Activity - The whole listing, please: repeat it exactly, with the pictures left out.

The input -

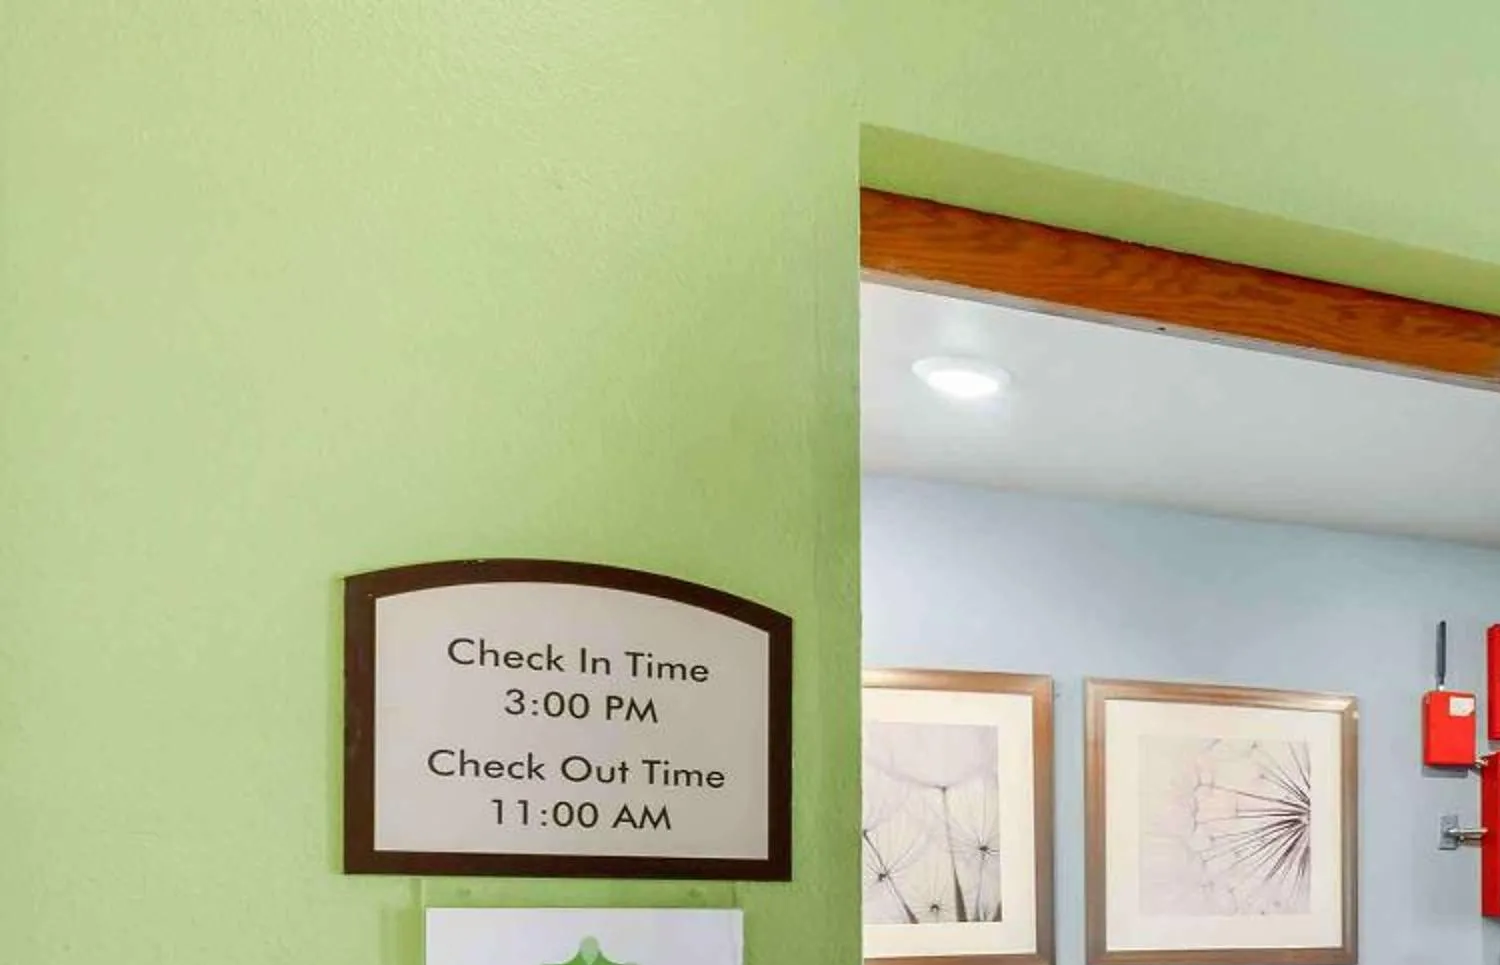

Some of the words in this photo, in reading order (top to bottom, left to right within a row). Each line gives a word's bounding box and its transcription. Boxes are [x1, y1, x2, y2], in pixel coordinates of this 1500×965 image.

[447, 637, 566, 674] Check
[580, 647, 612, 676] In
[624, 651, 710, 683] Time
[504, 688, 591, 720] 3:00
[605, 695, 659, 724] PM
[427, 749, 546, 782] Check
[560, 755, 631, 785] Out
[642, 759, 726, 789] Time
[491, 798, 599, 829] 11:00
[612, 803, 672, 831] AM

Response to the task -
Some of the words in this photo, in reading order (top to bottom, left to right within a row). Each line gives a word's bounding box and its transcription. Boxes are [x1, y1, x2, y2], in pixel coordinates of this 1500×965 image.

[447, 637, 566, 674] Check
[580, 647, 612, 676] In
[624, 651, 710, 683] Time
[504, 688, 591, 720] 3:00
[605, 695, 659, 724] PM
[427, 749, 546, 782] Check
[560, 755, 631, 785] Out
[642, 759, 726, 789] Time
[491, 798, 599, 829] 11:00
[612, 803, 672, 831] AM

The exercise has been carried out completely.